▶ **WHAT YOU SHOULD DO**: All entries below are to be returned exactly, with pictures left out.

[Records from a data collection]
★ ★ ★
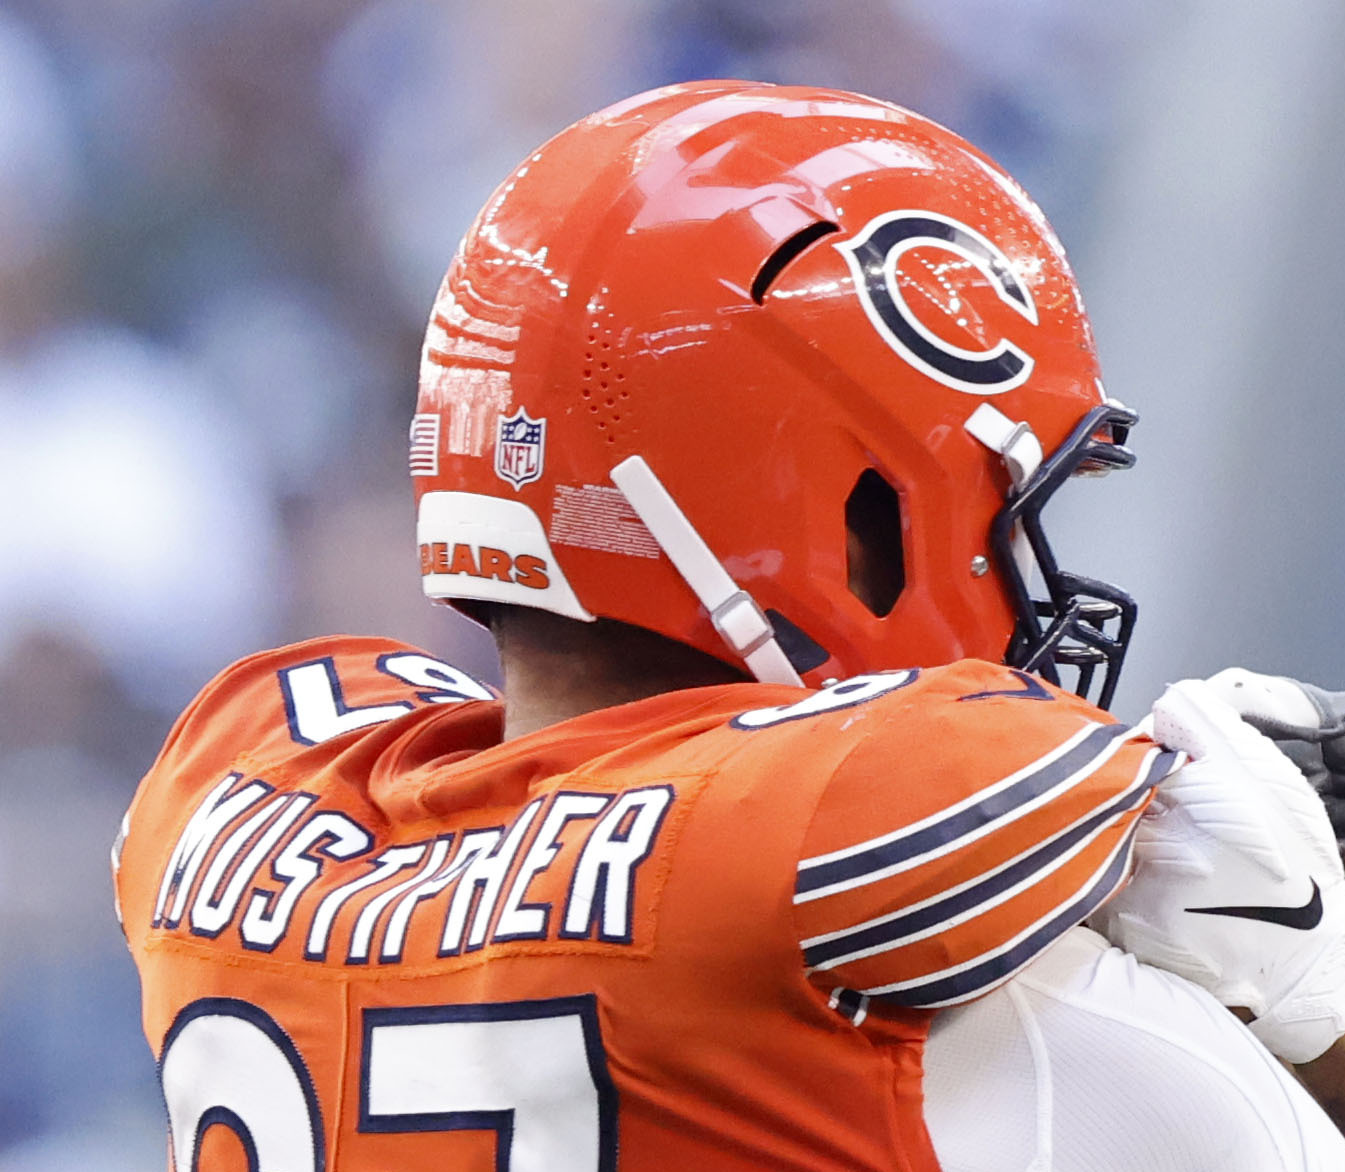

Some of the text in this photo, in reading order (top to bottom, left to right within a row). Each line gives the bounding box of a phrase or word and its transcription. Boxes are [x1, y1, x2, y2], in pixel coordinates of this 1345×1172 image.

[832, 209, 1040, 396] C
[501, 443, 537, 474] NFL
[419, 542, 550, 590] BEARS
[151, 769, 675, 966] MUSTIPHER
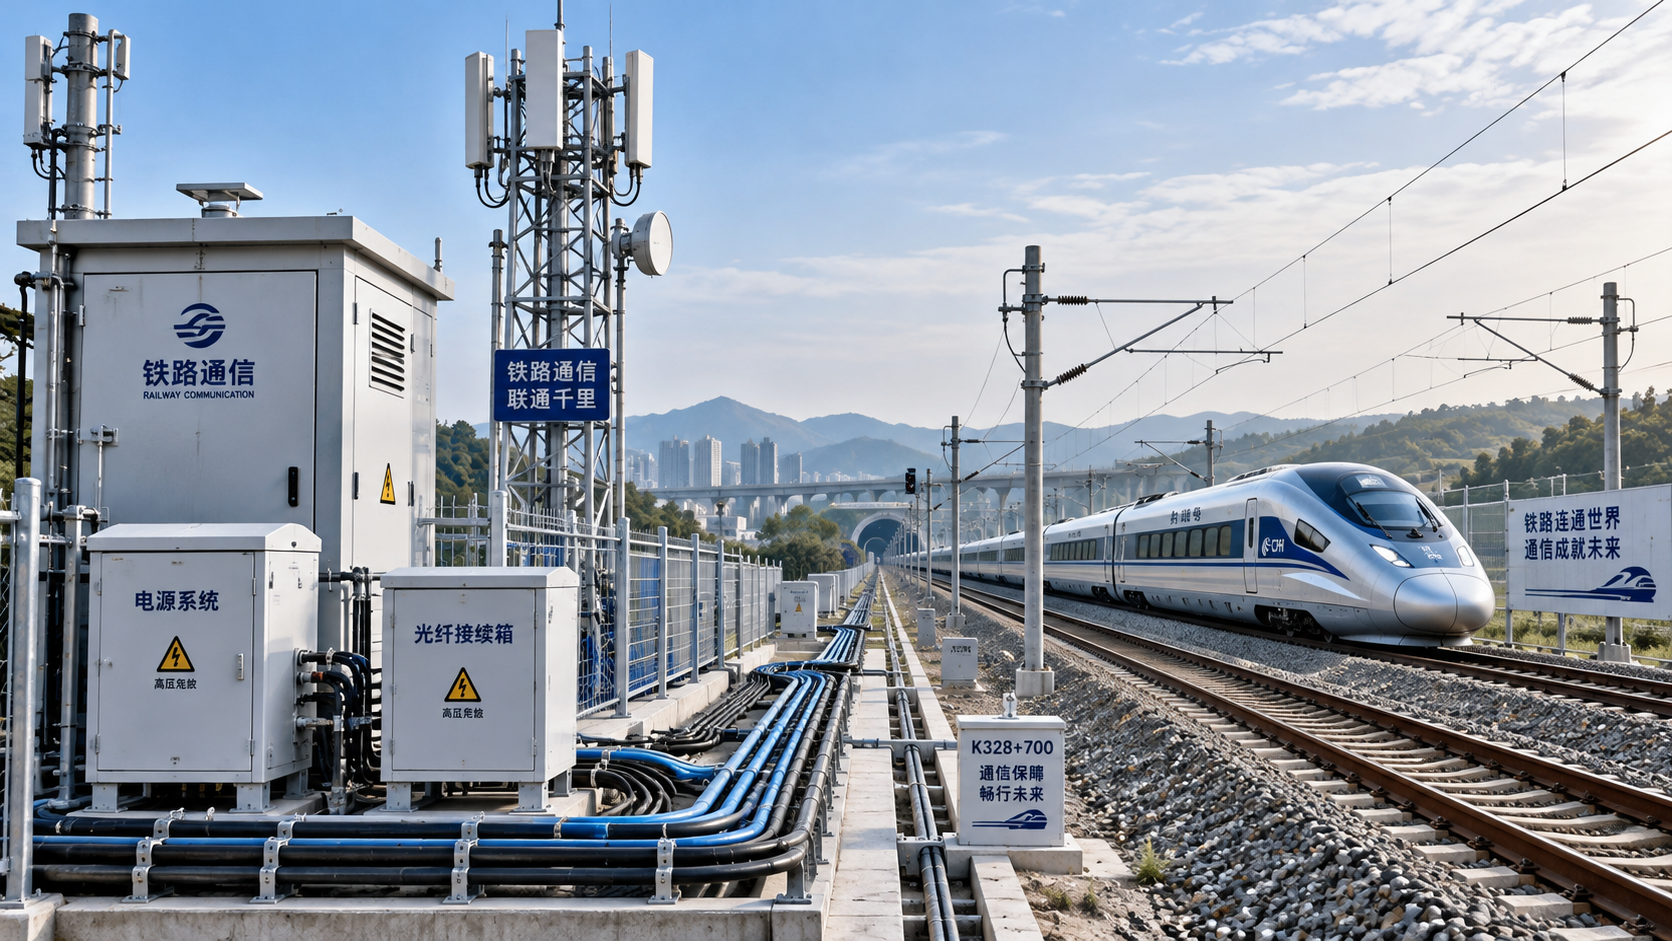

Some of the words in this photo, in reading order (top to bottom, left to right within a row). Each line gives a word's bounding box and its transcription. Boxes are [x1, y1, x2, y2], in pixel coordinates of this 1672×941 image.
★ ★ ★
▶ **RESULT OF THIS TASK**:
Some of the text in this photo, in reading order (top to bottom, left to right within a row). Each line gives the bounding box of a phrase or word and its transcription. Boxes are [x1, y1, x2, y2], in pixel coordinates of this 1345×1172 image.

[832, 209, 1040, 396] C
[501, 443, 537, 474] NFL
[419, 542, 550, 590] BEARS
[151, 769, 675, 966] MUSTIPHER

Some of the words in this photo, in reading order (top to bottom, left to right within a row). Each line gives a word's bounding box and its transcription. Boxes are [x1, y1, x2, y2], in pixel coordinates of this 1672×941 image.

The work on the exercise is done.